═════ Given records

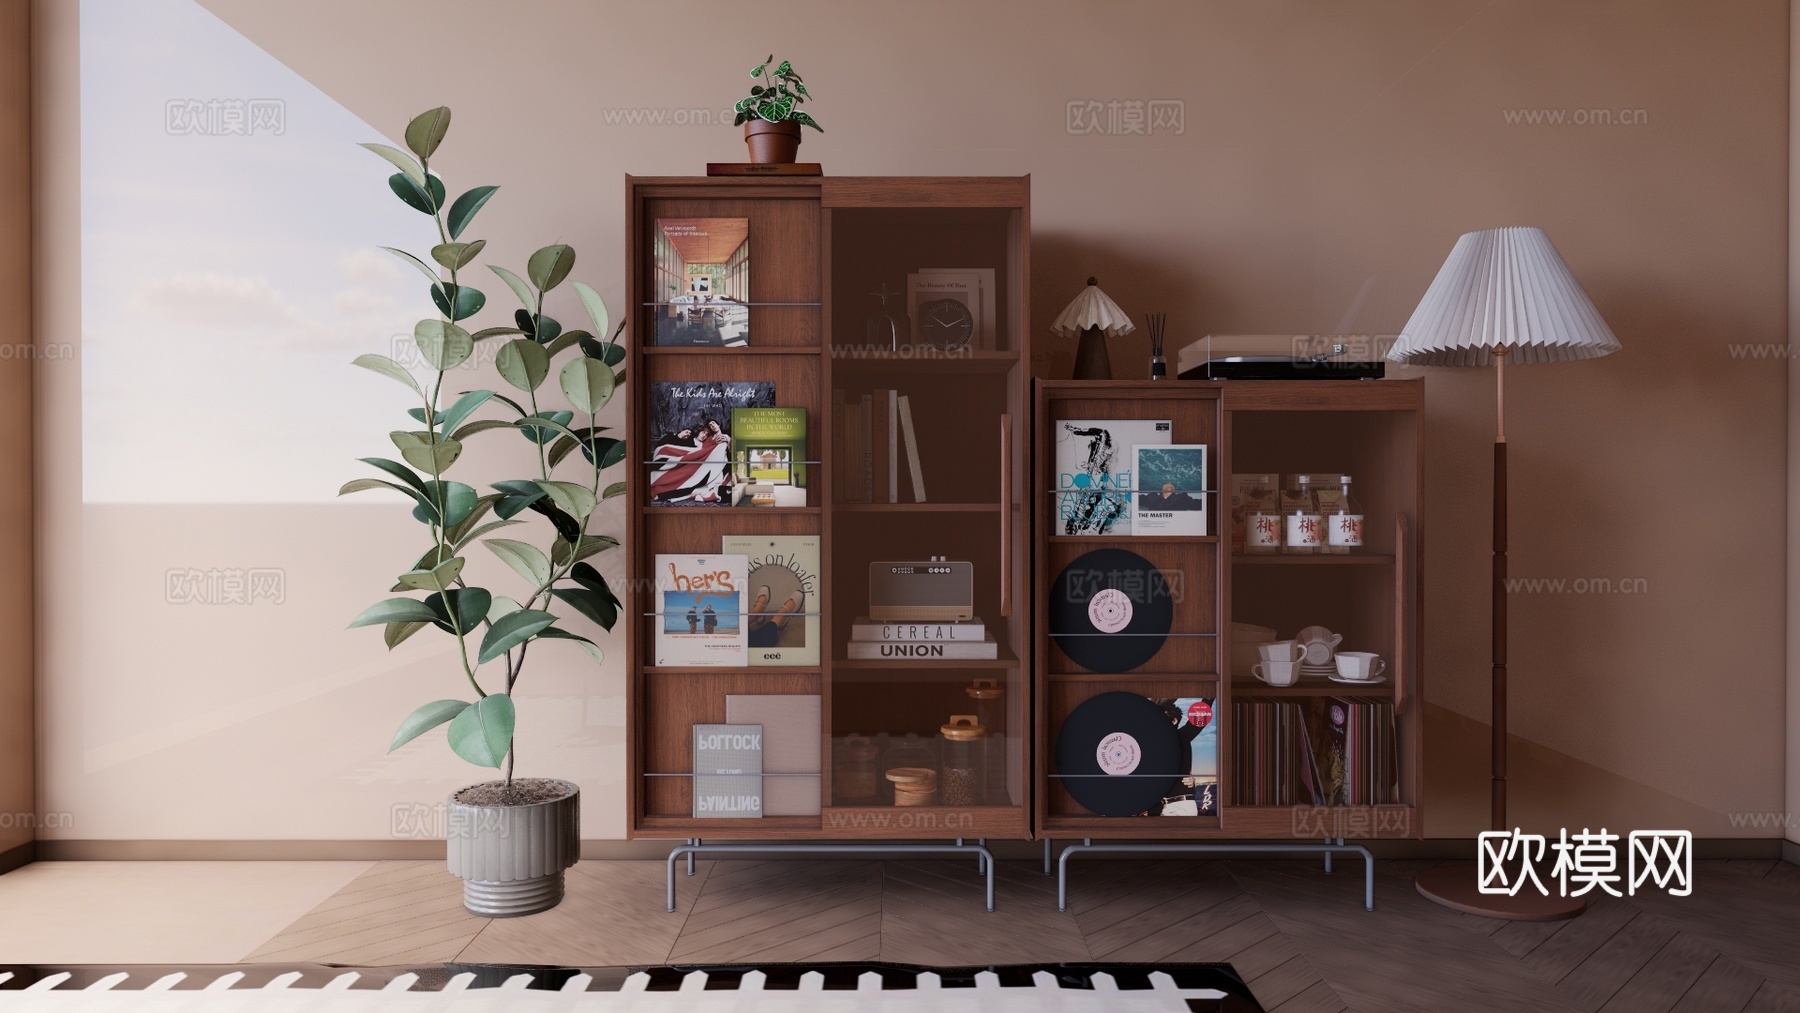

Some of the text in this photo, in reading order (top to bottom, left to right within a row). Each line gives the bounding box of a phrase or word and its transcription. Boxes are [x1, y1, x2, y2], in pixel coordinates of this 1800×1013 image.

[671, 387, 756, 402] The Kids Are Alright
[863, 452, 872, 493] ROADS
[1256, 517, 1274, 533] 桃
[1298, 517, 1316, 533] 桃
[1340, 517, 1357, 533] 桃
[765, 553, 784, 567] on
[883, 625, 955, 639] CEREAL
[880, 645, 944, 657] UNION
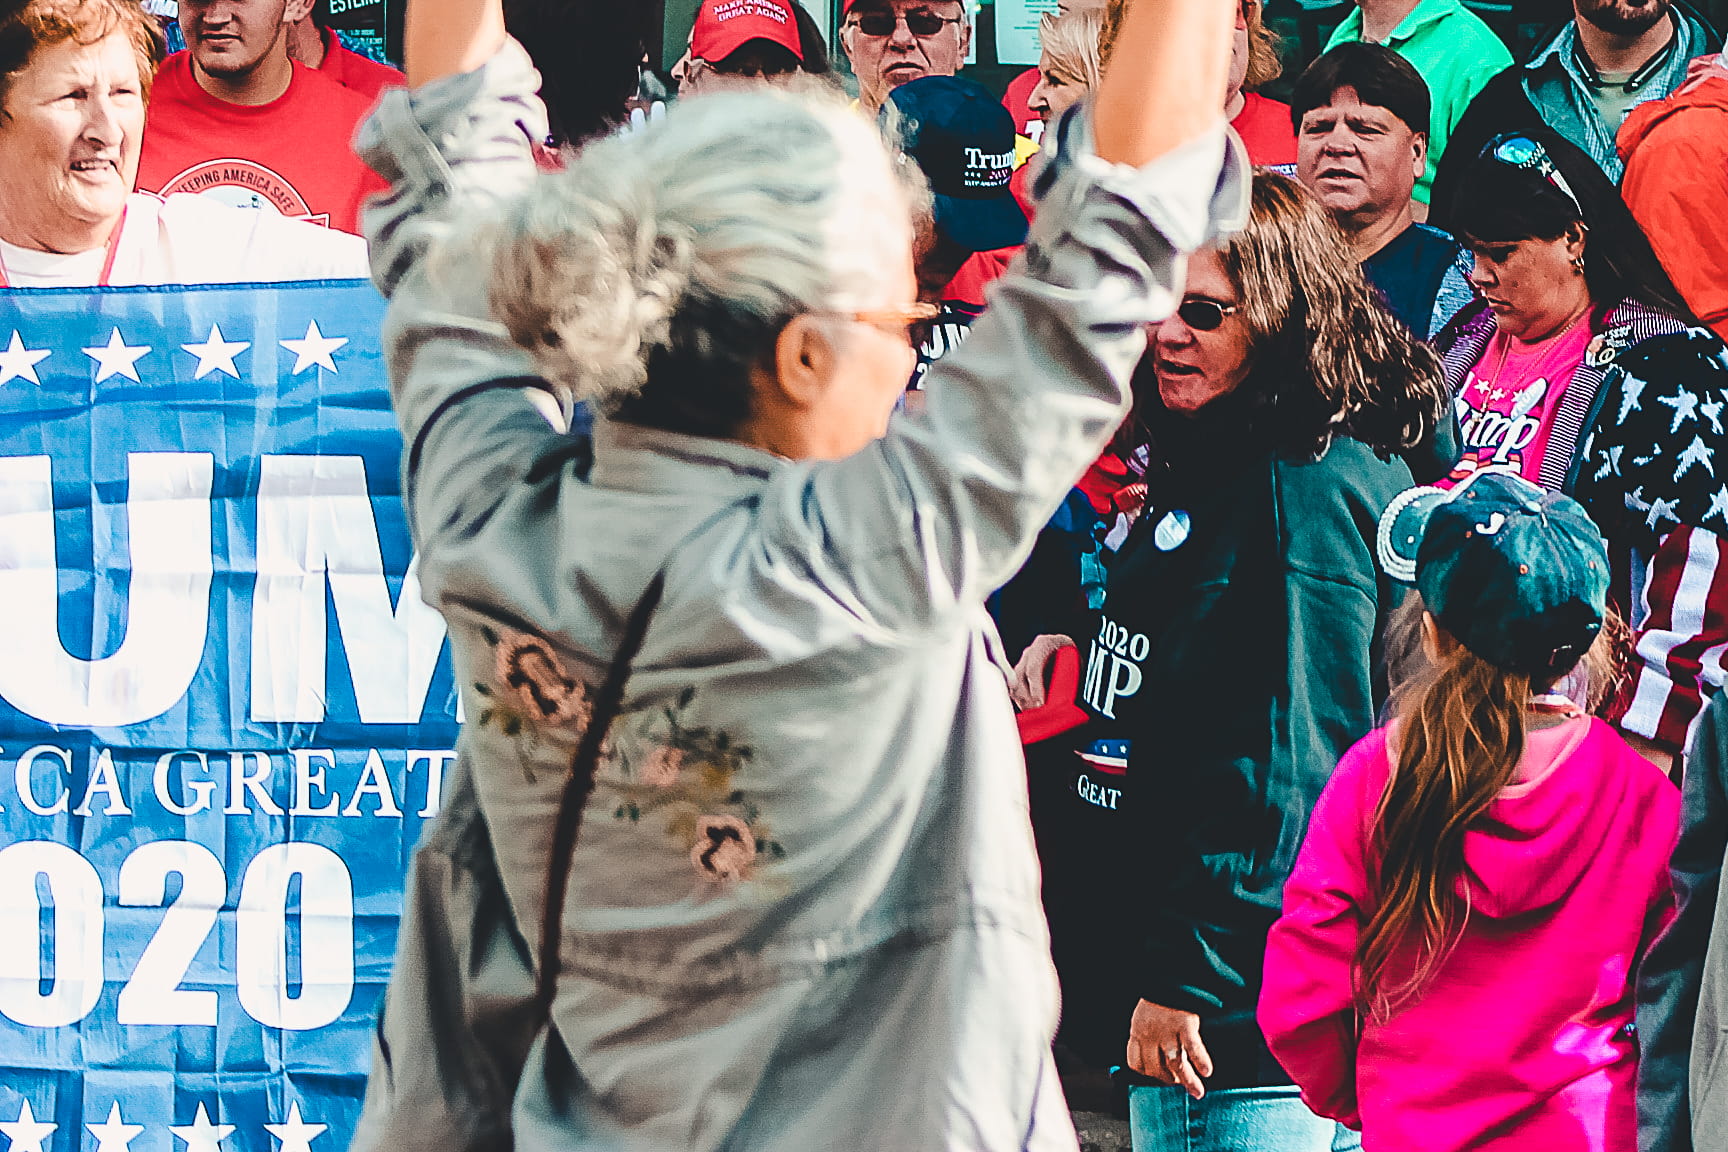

══════════

▸ **Exercise**:
Each entry must be set down word for word; no image may be carried over.

▸ **Task result**:
Some of the text in this photo, in reading order (top to bottom, left to right within a row). Each line gives the bounding box of a phrase or word and its transcription. Boxes are [x1, y1, x2, y2], in pixel coordinates of this 1800×1013 image.

[671, 387, 756, 402] The Kids Are Alright
[863, 452, 872, 493] ROADS
[1256, 517, 1274, 533] 桃
[1298, 517, 1316, 533] 桃
[1340, 517, 1357, 533] 桃
[765, 553, 784, 567] on
[883, 625, 955, 639] CEREAL
[880, 645, 944, 657] UNION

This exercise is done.